Geography
- Location: Hospital Road, Sri Jayawardenepura Kotte, Sri Lanka
- Coordinates: 6°52′06″N 79°55′31″E﻿ / ﻿6.868416°N 79.925182°E

Organisation
- Care system: Public
- Type: General
- Affiliated university: University of Sri Jayewardenepura

Services
- Emergency department: Yes
- Beds: 1001

History
- Founded: 1983

Links
- Website: www.sjgh%20.health.gov.lk%20

= Sri Jayawardenepura General Hospital =

The Sri Jayewardenepura General Hospital (abbreviated SJGH) is a teaching hospital in Sri Jayawardenepura Kotte, Sri Lanka, and serves as one of the country's main healthcare institutions. The hospital was gifted by Japan in appreciation of Sri Lankan President J. R. Jayewardene's support of Japan and diplomatic efforts on their behalf; the hospital was donated with 1001 beds, with 1000 beds to the public and 1 bed reserved for Jayawardene in his lifetime.
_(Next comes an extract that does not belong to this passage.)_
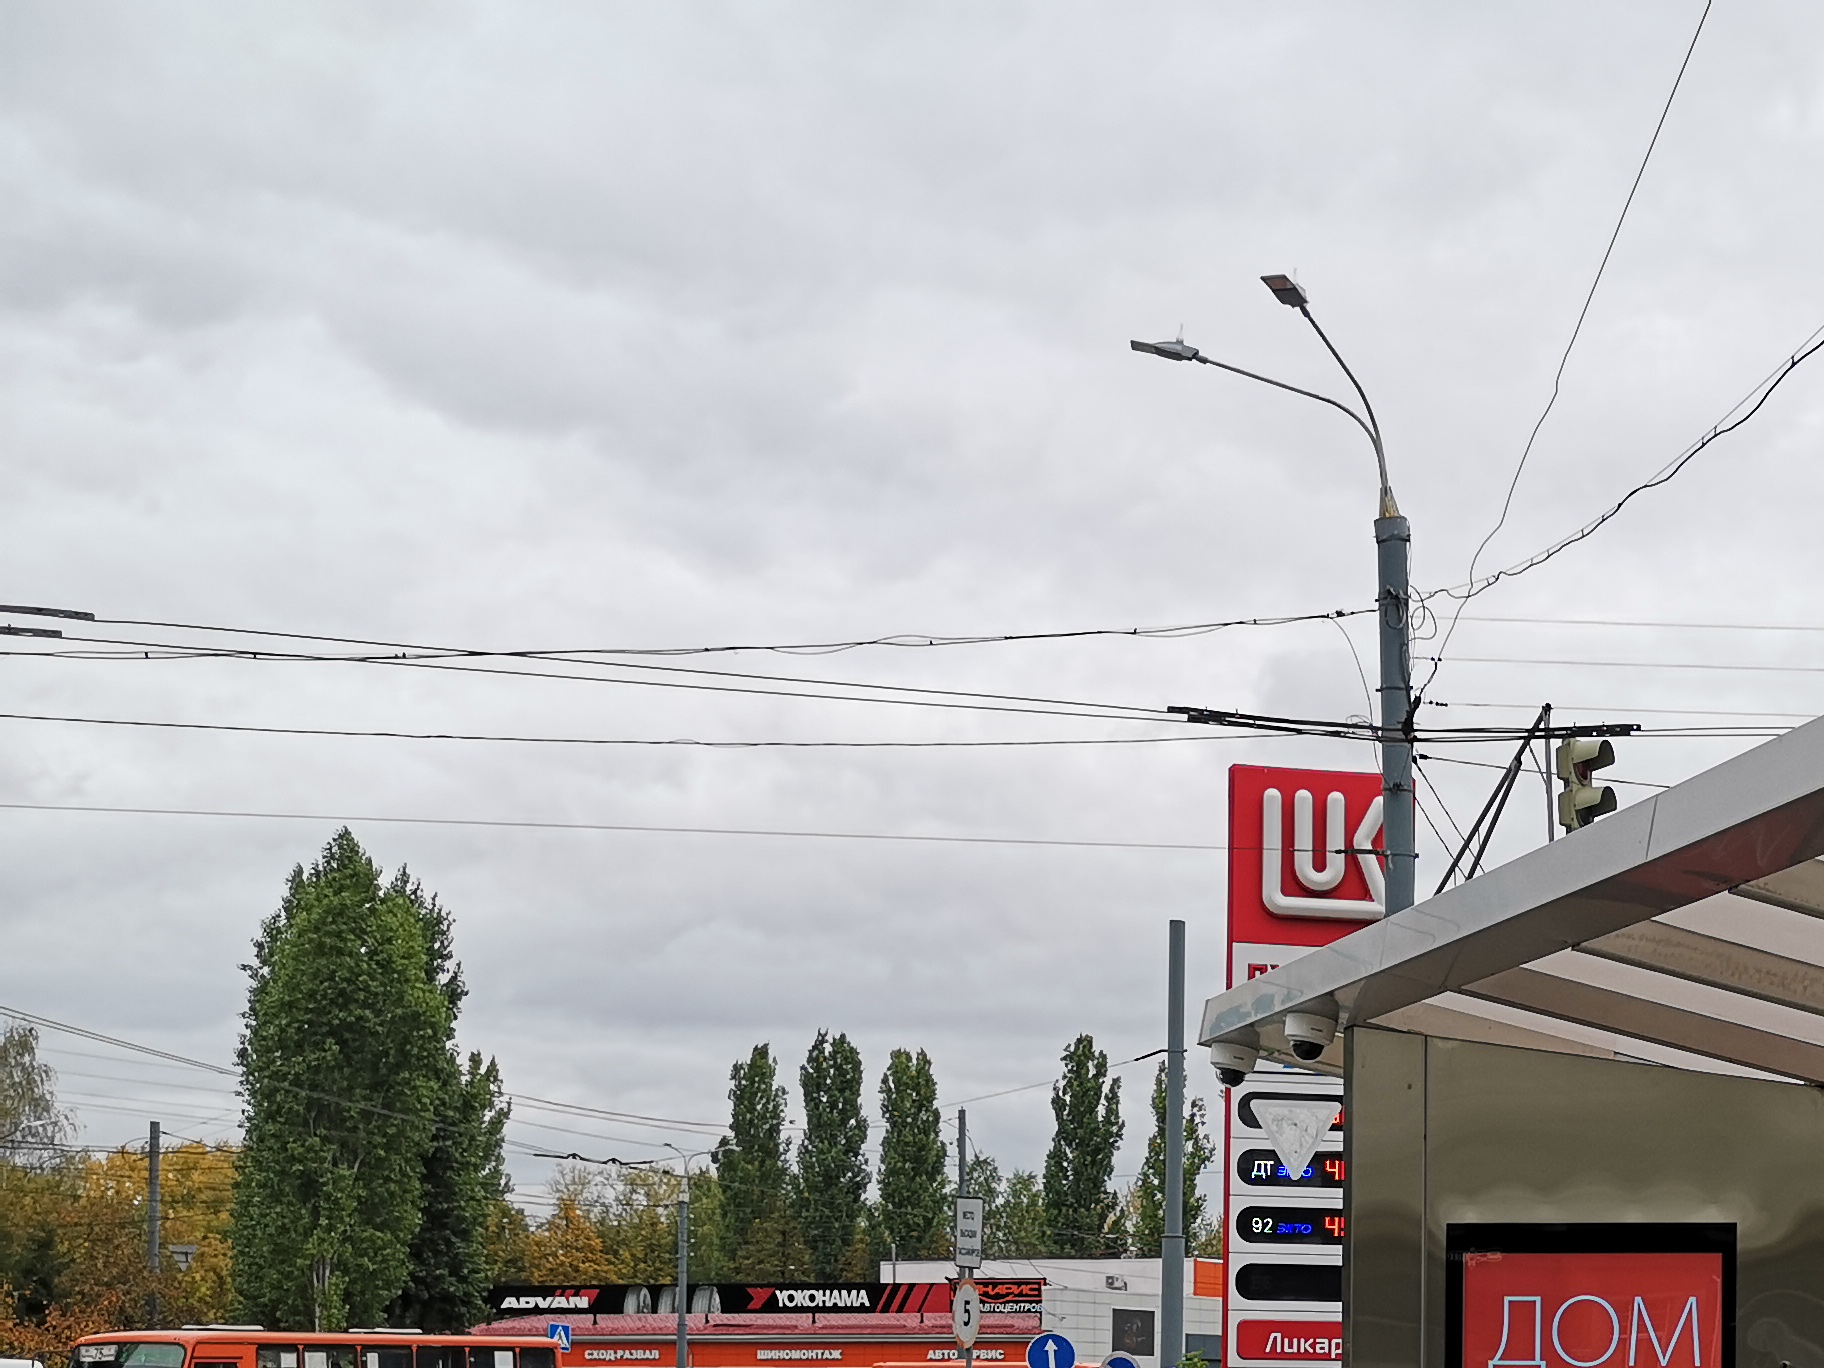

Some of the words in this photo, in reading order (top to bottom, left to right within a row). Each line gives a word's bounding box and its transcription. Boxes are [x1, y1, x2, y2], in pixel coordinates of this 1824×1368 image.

A special Act of Parliament (Sri Jayewardenepura General Hospital Board Act, No. 54 of 1983) was established for the governance of the SJGH.

While the hospital functions as part of Sri Lanka's free healthcare system, it also contains a non-free section where paying citizens may be cared for in private rooms and more personalized levels of treatment and care.